▶ [What you have to do]
Where an image appears, leave it out; otherwise repeat the data exactly.

[Dataset entries]
'''

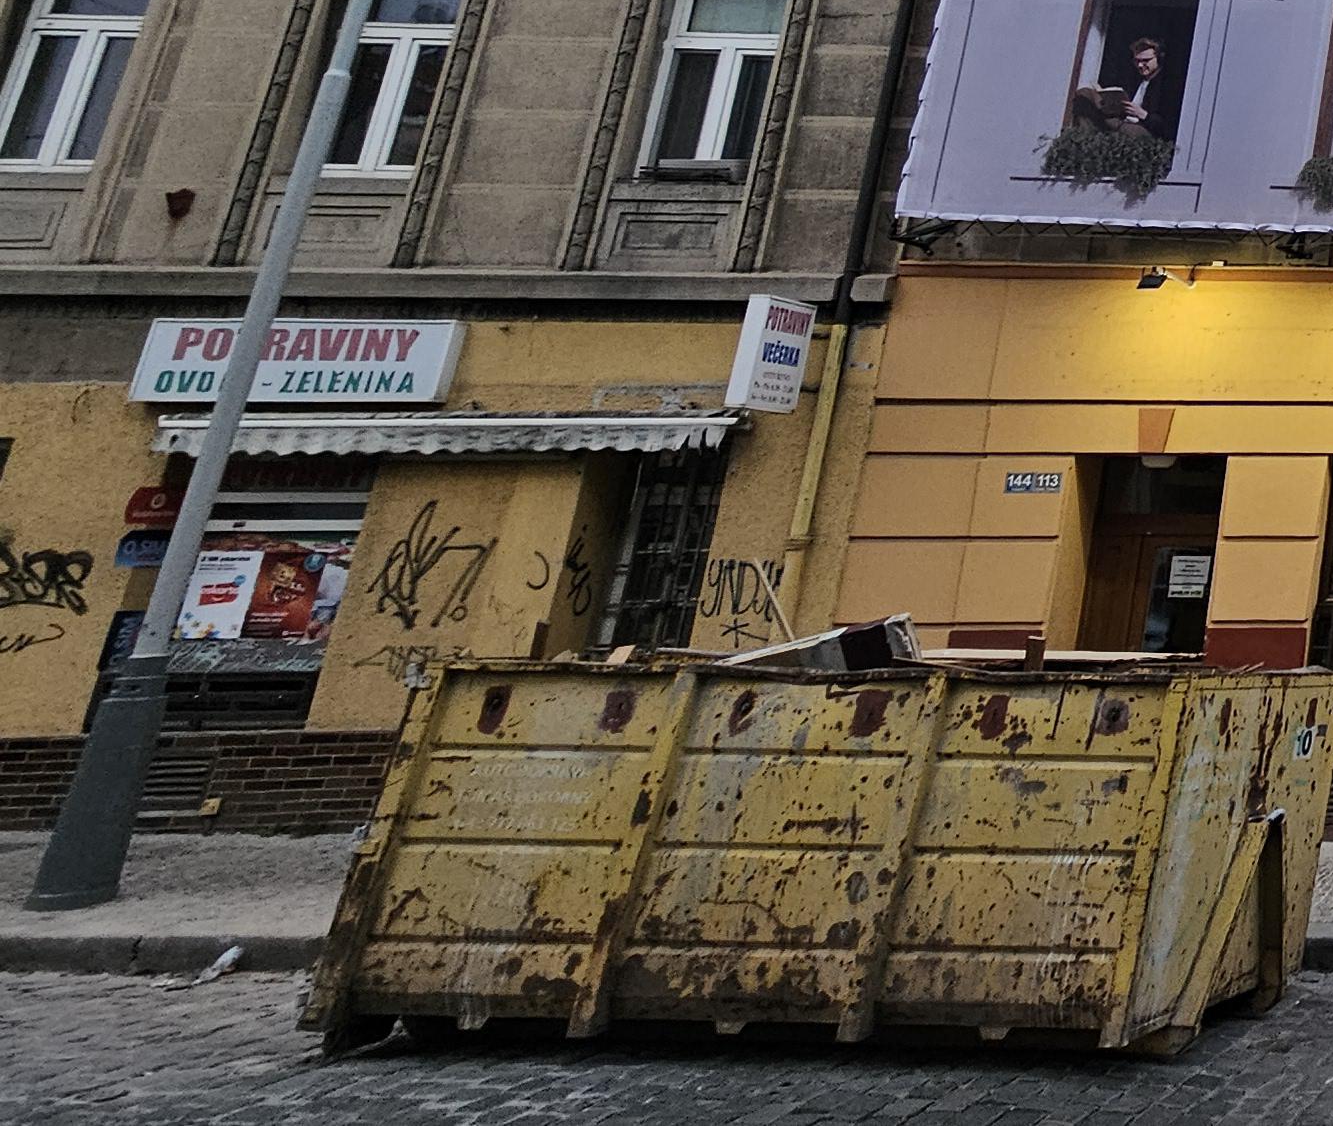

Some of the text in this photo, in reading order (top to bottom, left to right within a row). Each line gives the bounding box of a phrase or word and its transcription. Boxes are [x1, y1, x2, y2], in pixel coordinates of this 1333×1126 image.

[171, 326, 421, 363] PORAVINY
[277, 368, 416, 395] ZELENINA
[1007, 474, 1032, 488] 144
[1037, 474, 1060, 488] 113
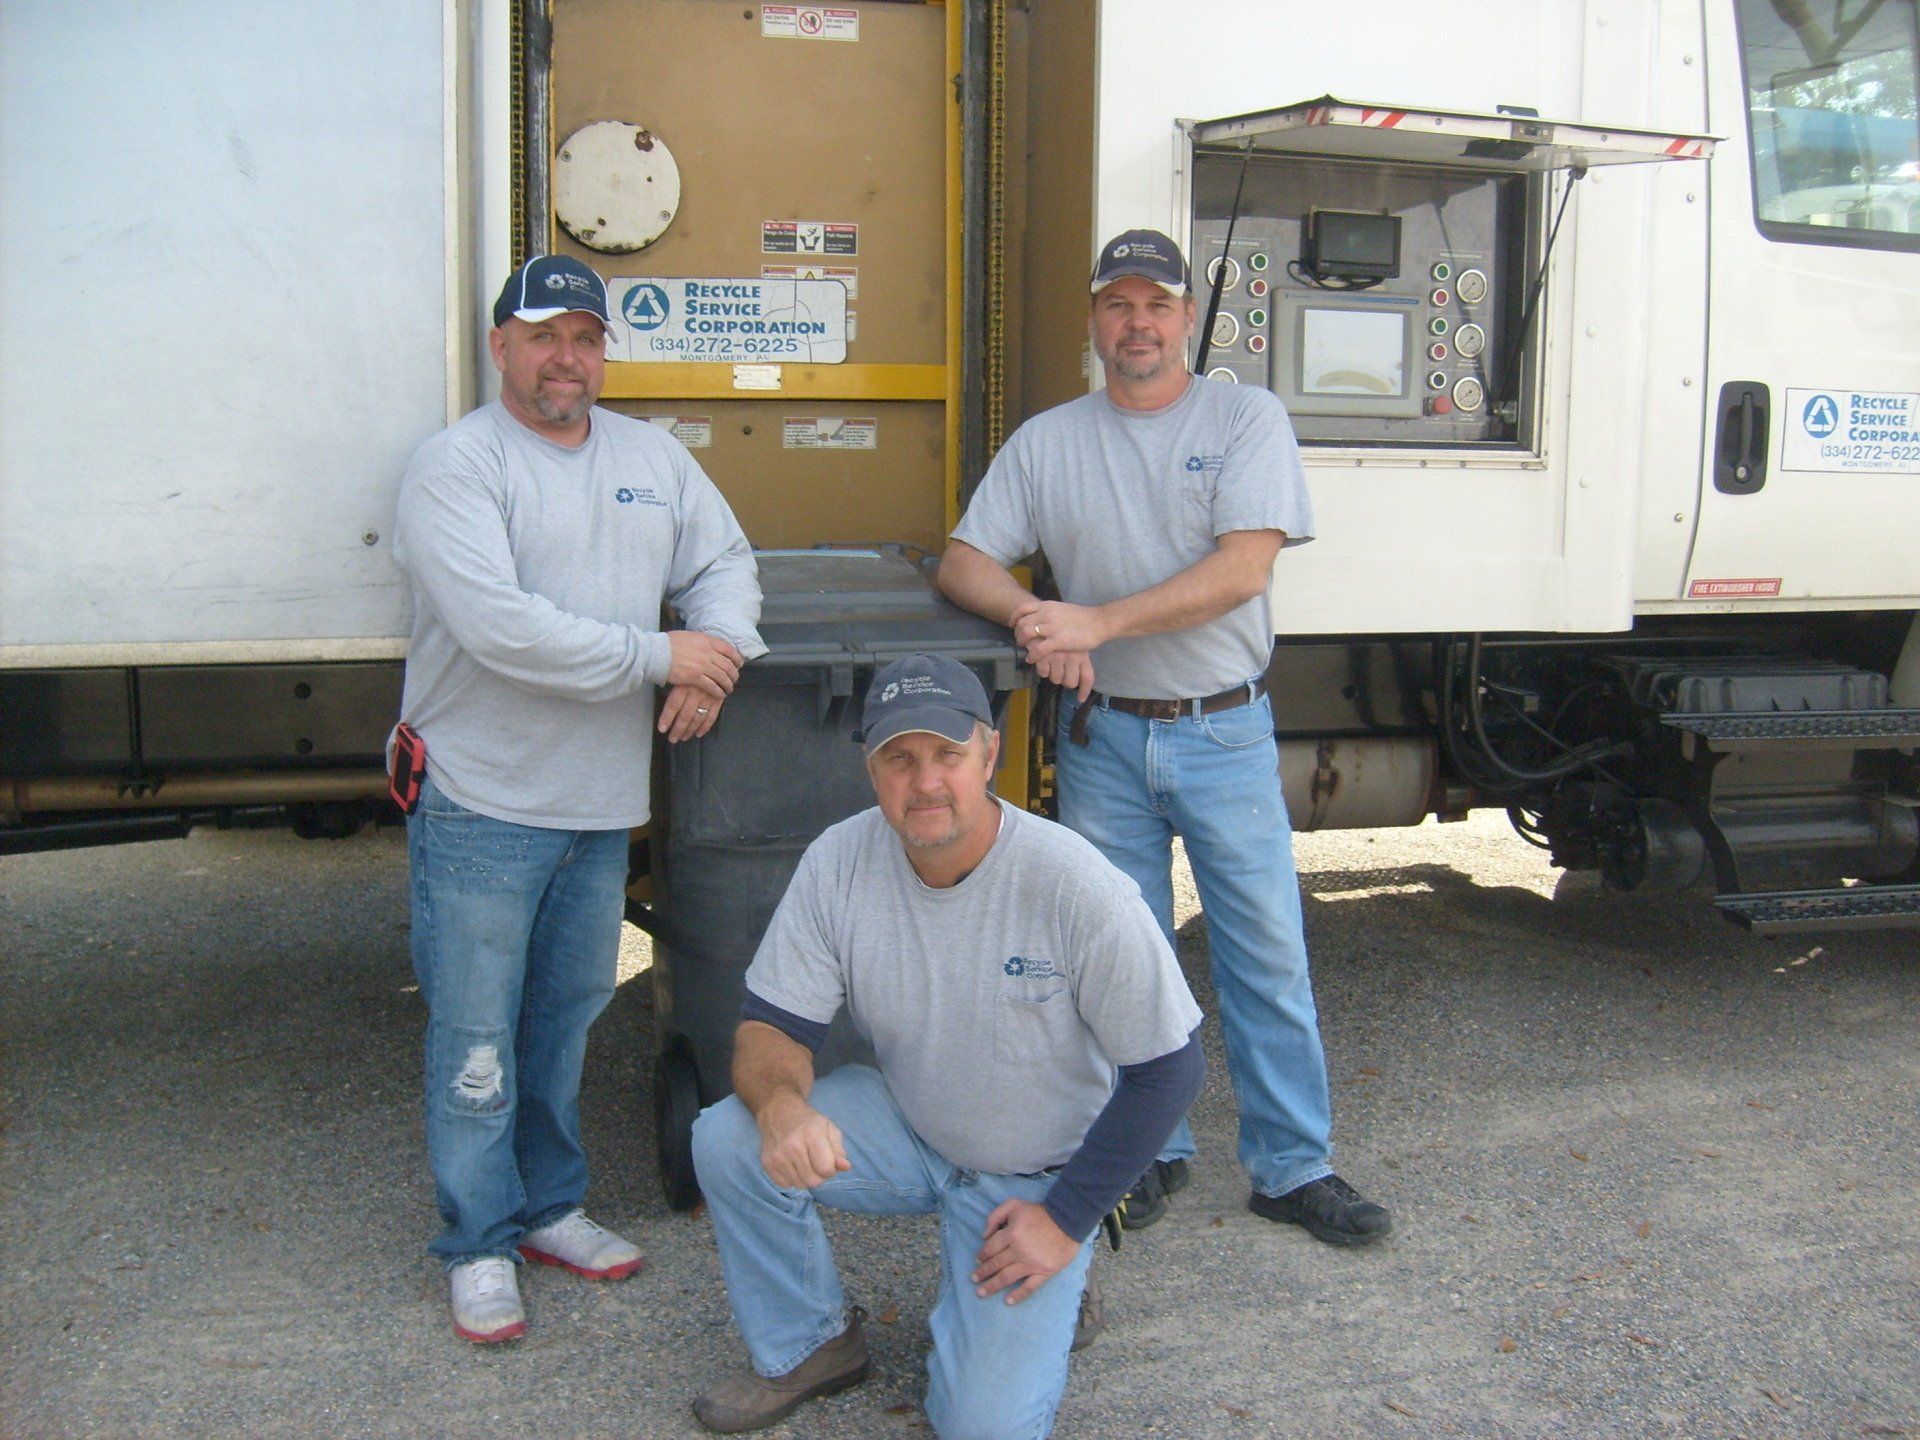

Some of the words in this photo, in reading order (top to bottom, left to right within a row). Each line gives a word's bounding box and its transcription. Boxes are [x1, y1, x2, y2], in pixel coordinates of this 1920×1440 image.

'''

▶ [Your response]
Some of the text in this photo, in reading order (top to bottom, left to right within a row). Each line gives the bounding box of a phrase or word and its transcription. Boxes are [x1, y1, x2, y2], in pixel coordinates of this 1333×1126 image.

[171, 326, 421, 363] PORAVINY
[277, 368, 416, 395] ZELENINA
[1007, 474, 1032, 488] 144
[1037, 474, 1060, 488] 113

Some of the words in this photo, in reading order (top to bottom, left to right within a row). Each line gives a word's bounding box and its transcription. Boxes are [x1, y1, x2, y2], in pixel coordinates of this 1920×1440 image.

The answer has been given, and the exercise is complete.